Chapitre 15


« Pourquoi ton prénom me blesse,
Quand il se cache juste là dans l'espace ?
C'est quelle émotion, la haine,
Ou la douceur,
quand j'entends ton prénom ? »
Ma Meilleure Ennemie — Stromae et Pomme

Line

Paris pleut, et moi je meurs avec ses larmes. Quelle idée j'ai eu d'aller courir. Moi ? Courir ? La bonne blague. Je me suis prise pour Marie-Amélie Le Fur alors que je suis un gros gigot qui ne sait pas marcher droit. Oui je fais partie de ces gens qui ne peuvent pas lâcher les mains sur un tapis de course parce qu'ils ne savent pas marcher droit, et alors ?

Jake est loin devant moi, courant à son rythme tout en faisant demi-tour plusieurs fois pour revenir vers moi. C'est agréable de courir avec lui car il ne m'impose pas sa course mais s'adapte à la mienne, courant à mon allure ou à la sienne, revenant vers moi en courant plutôt que de m'attendre toutes les cinq secondes.

Il s'est mis à pleuvoir au bout de dix minutes mais étonnement, ce n'est pas dérangeant. Les gouttes rafraîchissent ma peau brûlante tandis que l'air glacial chatouille mes poumons. Le début du mois d'octobre marque la fin de la douceur de l'été pour laisser place aux saisons plus froides mais qui sont aussi mes préférées.

—    Allô ?

Je décroche la sonnerie de mon téléphone sans même le sortir du brassard à mon bras, parlant à même l'écouteur. Qu'est-ce que j'aime la technologie parfois !

—    Allô Line ?

—    Oh, coucou Claire ! Comment ça va depuis le temps ?

Aujourd'hui, mon amie était de repos, me laissant seule au travail. Heureusement que Mia était en excellente forme, compensant l'abandon de ma meilleure amie pour quelques heures.

—    Ça va super et toi ? T'as l'air essoufflée, tout va bien ? Ne me dis pas que tu copules avec Jake pendant mon coup de fil !

—    Mais ça va pas ! Je suis en train de courir, Claire.

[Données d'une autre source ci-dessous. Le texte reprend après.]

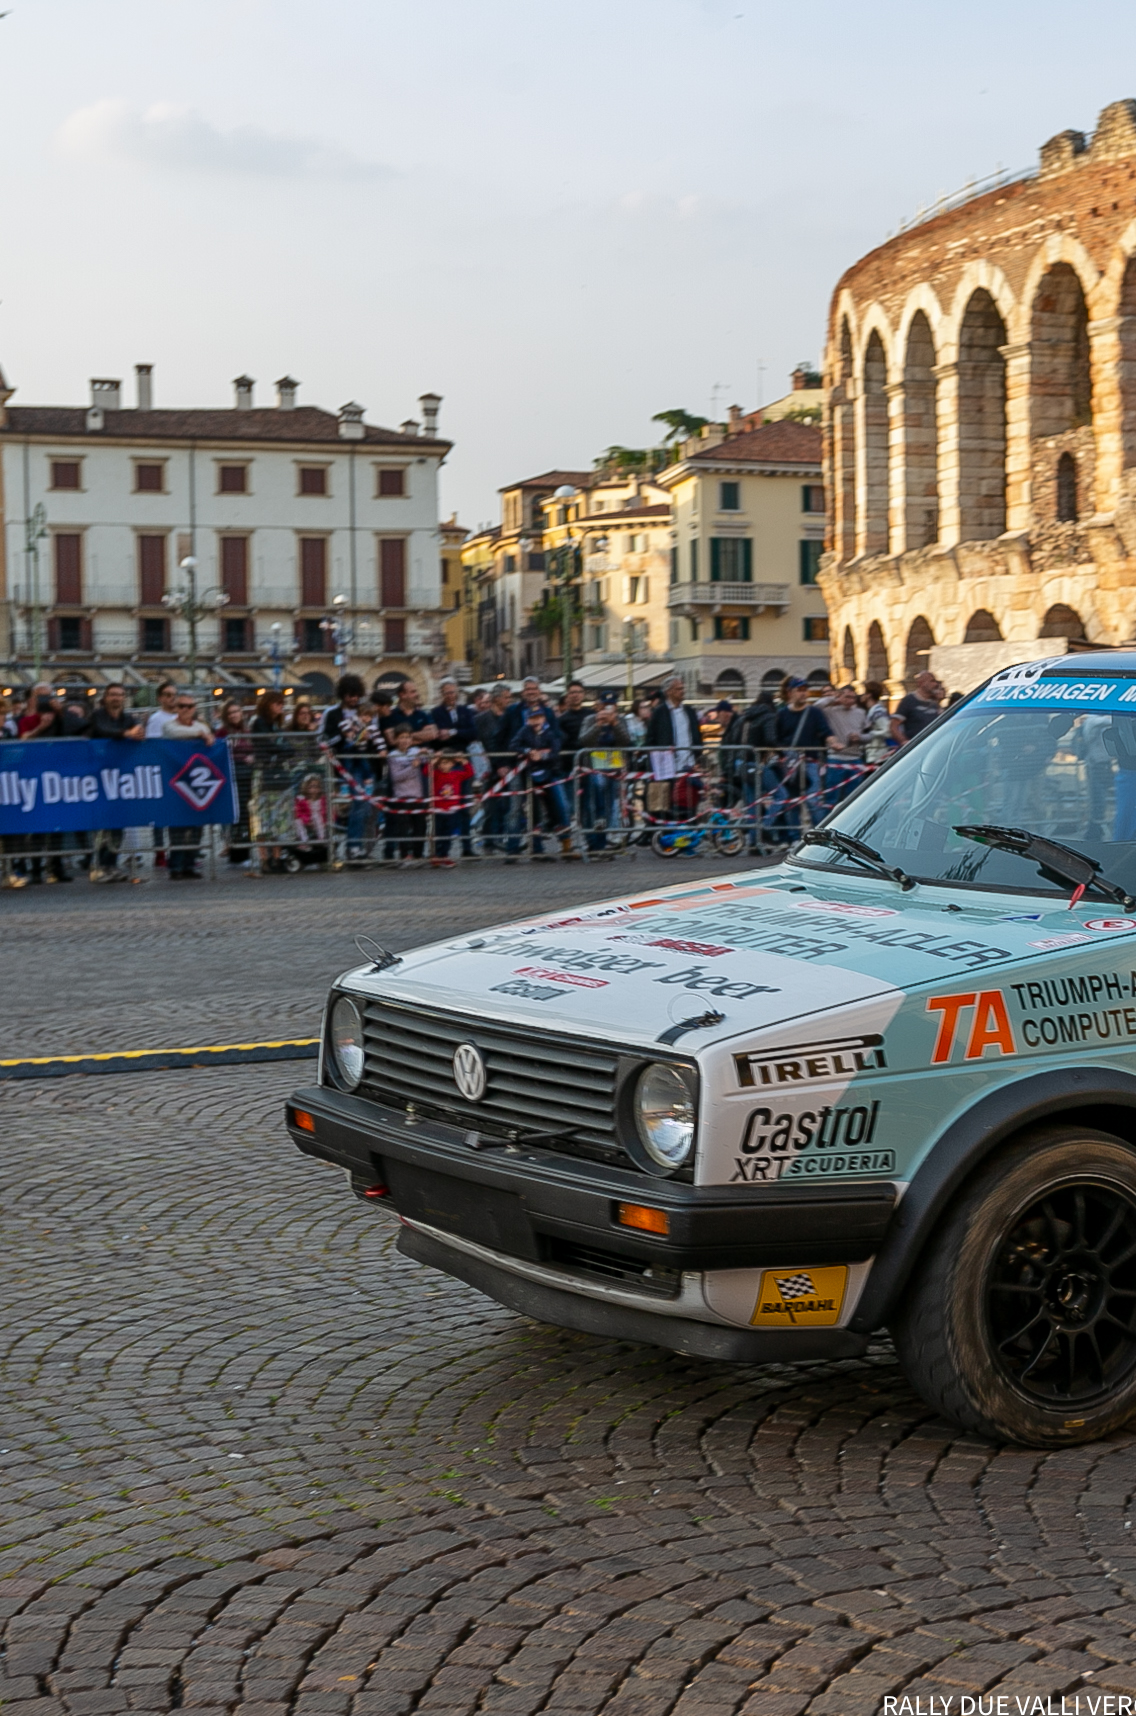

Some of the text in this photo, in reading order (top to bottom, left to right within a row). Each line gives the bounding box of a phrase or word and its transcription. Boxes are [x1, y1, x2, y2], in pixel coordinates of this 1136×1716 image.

—    Courir ? Toi ? Je ne te crois pas.

Moi non plus à vrai dire.

—    Bref, crois-moi ou non, je m'en fiche !

—    Mouais... Bon, t'as pas des trucs à me dire ? Mia m'a parlé de quelque chose de croustillant...

—    Mia ? Mais tu n'as pas bossé aujourd'hui.

—    Ça ne m'empêche pas d'avoir mes amies au téléphone ou par texto tu sais. La preuve... Enfin bref ! Oui, une petite histoire avec notre Jakounet...

—    La traîtresse !

Pendant ma journée, je n'ai pas pu m'empêcher de raconter ma soirée à ma patronne qui a littéralement bu mes paroles. Est-ce que ça m'étonne réellement qu'elle en ait parlé à Claire ? Absolument pas. Est-ce que je pensais qu'elle me laisserait un peu plus de temps pour lui en parler ? Totalement.

Bien évidemment que je comptais lui en parler, juste histoire de raconter un peu la nouvelle saison de ma vie comme toute bonne copine qui se respecte, mais si on ne m'en laisse pas le temps c'est injuste !

À bout de souffle mais amusée, je commence à raconter toute l'histoire à ma meilleure amie, changeant discrètement de sujet quand Jake se rapproche un peu trop. Je lui rajoute la partie inédite du coup du ménage en exclusivité, ce qui me vaut quelques cris stridents à en faire pâlir les mouettes ! Je ris tout bas et termine mon histoire avant de devoir raccrocher, Jake se rapprochant vraiment de moi. Claire m'insulte de tous les noms de la laisser pour un homme, surtout après lui avoir raconté tout ça mais je lui promets de débriefer avec elle bientôt.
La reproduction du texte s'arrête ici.